Tuesday, March 21, 2006

Be Sure Before You Censure

The New York Times
Be Sure Before You Censure
By H. W. BRANDS

RUSSELL FEINGOLD, the outspoken Democratic senator from Wisconsin, wants to censure President Bush for authorizing wiretaps of Americans without court orders. His fellow Democrats haven't exactly leaped to his side, but a recent poll indicated that 46 percent of the public considers censure warranted. If that figure increases, Mr. Feingold may have company.

Still, history shows that he ought to move carefully. While many have compared the censure proposal to the impeachment of President Bill Clinton, there is a more relevant precedent: In 1834, America's most famous political orator, Henry Clay of Kentucky, arranged the Senate's only successful censure of a president, Andrew Jackson — and he never stopped paying for his accomplishment.

The bad blood between Clay and Jackson dated to the election of 1824, in which Jackson received the greatest number of popular and electoral votes, but not a majority of either. Clay finished third in the popular count and fourth in electors. The contest went to the House, and Clay threw his support to John Quincy Adams, who won the presidency and thereupon named Clay secretary of state — and next in line, in the practice of the day, for the White House. Jackson defeated Adams in an 1828 rematch, spoiling Clay's plans for the succession. But Clay maneuvered Jackson into vetoing a measure to renew the charter of the Bank of the United States, a privately controlled precursor to the Federal Reserve system. Clay forced the issue because he anticipated that the bank veto would undermine business confidence, which it did. Clay was wrong, however, in thinking this would fatally weaken Jackson in the 1832 election, in which Clay ran as the candidate of the new anti-Jackson coalition, soon to be called the Whigs.

Jackson was re-elected handily, and afterward withdrew the federal government's deposits from the Bank of the United States as punishment for its collusion in Clay's machinations. "The bank, Mr. Van Buren, is trying to kill me," Jackson told Vice President Martin Van Buren. "But I will kill it!"

Amid this so-called Bank War, Clay proposed to censure the president for removing those deposits without Congressional approval. The proposal enraged Jackson, who castigated Clay for being as "reckless and as full of fury as a drunken man in a brothel." It provoked an uproar in the Senate and the press, with Jackson's supporters rallying behind him as the defender of democracy against the moneyed interests, and his critics alleging that his interpretation of executive authority was revolutionary and unconstitutional. (Beyond the shouting, there were plausible arguments on both sides — as in the case of the Bush wiretaps.) On March 28, 1834, the Senate critics carried the day, approving the censure resolution by a vote of 26 to 20.

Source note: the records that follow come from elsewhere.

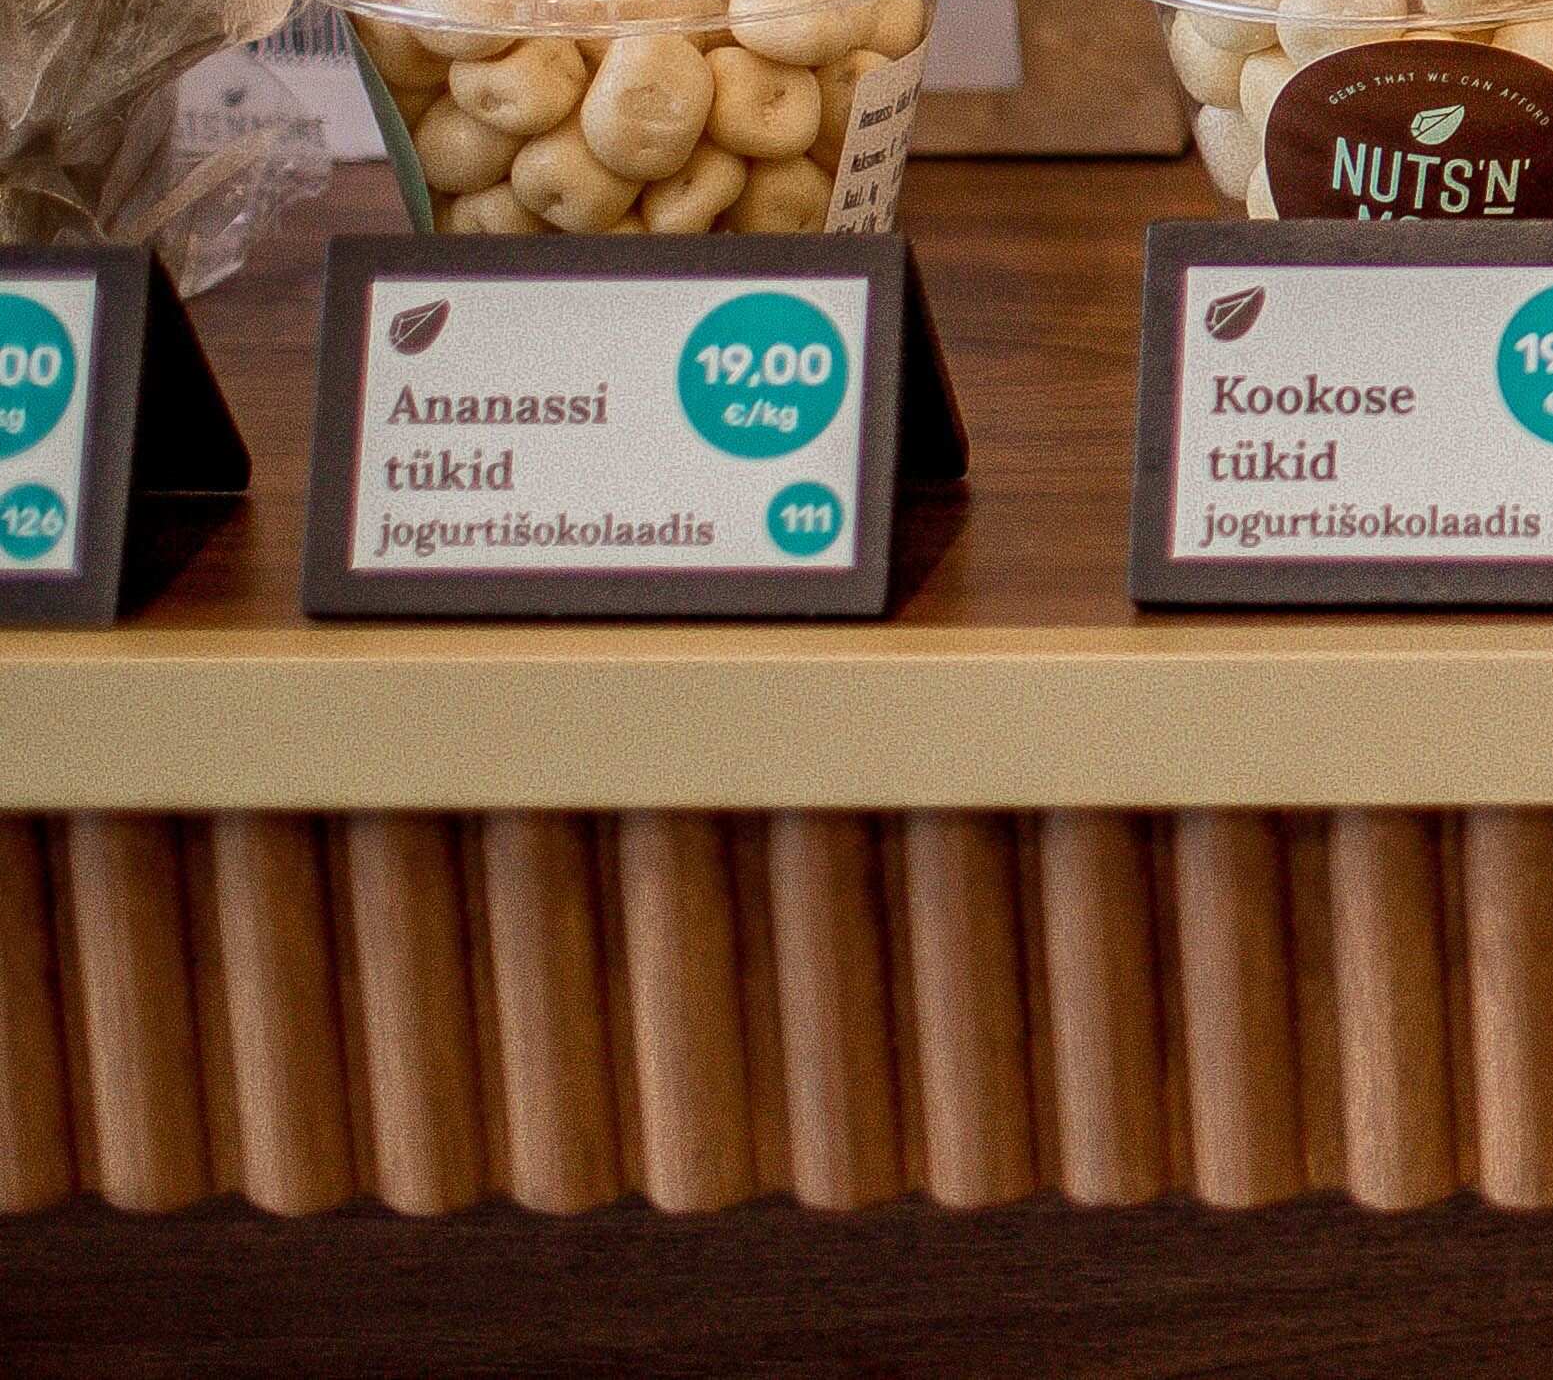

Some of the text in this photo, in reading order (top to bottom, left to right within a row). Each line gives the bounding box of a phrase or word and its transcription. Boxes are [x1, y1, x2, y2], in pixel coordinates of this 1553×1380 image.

[1373, 71, 1416, 86] THAT
[1428, 72, 1449, 83] WE
[1460, 75, 1494, 91] CAN
[1499, 88, 1550, 127] AFFORD
[1332, 136, 1531, 215] NUTS'N'
[695, 343, 832, 388] 19,00
[386, 382, 609, 426] Ananassi
[723, 400, 799, 433] €/kg
[1211, 373, 1416, 416] Kookose
[384, 449, 514, 493] tükid
[1208, 439, 1338, 483] tükid
[1, 506, 63, 538] 126
[374, 512, 716, 559] jogurtišokolaadis
[778, 503, 832, 535] 111
[1200, 502, 1542, 549] jogurtišokolaadis

Clay thought he had won a great triumph. But the 1834 midterm elections returned control of the Senate to the Democrats, as the Jacksonians were called by then. And the Democrats refused to let the censure issue rest. Senator Thomas Hart Benton of Missouri, who had once shot Jackson in a street brawl (the president still carried bullet fragments in his shoulder) but eventually became the president's most devoted partisan, campaigned incessantly against the censure and all who had voted for it. His efforts helped make the retiring Jackson the focus of the 1836 presidential election, bringing voters out in force for Van Buren, Jackson's uncharismatic protégé.

The Democrats celebrated Van Buren's victory by voting to expunge the censure resolution from the records of the Senate. As Jackson, old and ill, prepared to leave Washington for the Hermitage, his plantation near Nashville, Benton choreographed an elaborate ceremony in which the original handwritten journal of the Senate from 1834 was carried into the chamber and the Senate's secretary, after drawing bold black lines around the censure resolution, wrote across it, "Expunged by order of the Senate."

Benton retrieved the secretary's pen and sent it to Jackson as spoils of victory, while Henry Clay was left to mutter against the "foul deed which, like the blood-stained hands of the guilty Macbeth, all ocean's waters will never wash out." Clay continued to pay for his temerity: in 1844, even as Jackson declined toward death, Clay lost his third (and final) race for the presidency to another Jackson protégé, James K. Polk.

Russ Feingold is no Henry Clay, at least not yet. And if he hopes to discredit Mr. Bush, as he doubtless does, I'd suggest he find means other than censure. The last thing today's Democrats want to do is to make George W. Bush look like Old Hickory.

H. W. Brands, a history professor at the University of Texas at Austin, is the author, most recently, of "Andrew Jackson: His Life and Times."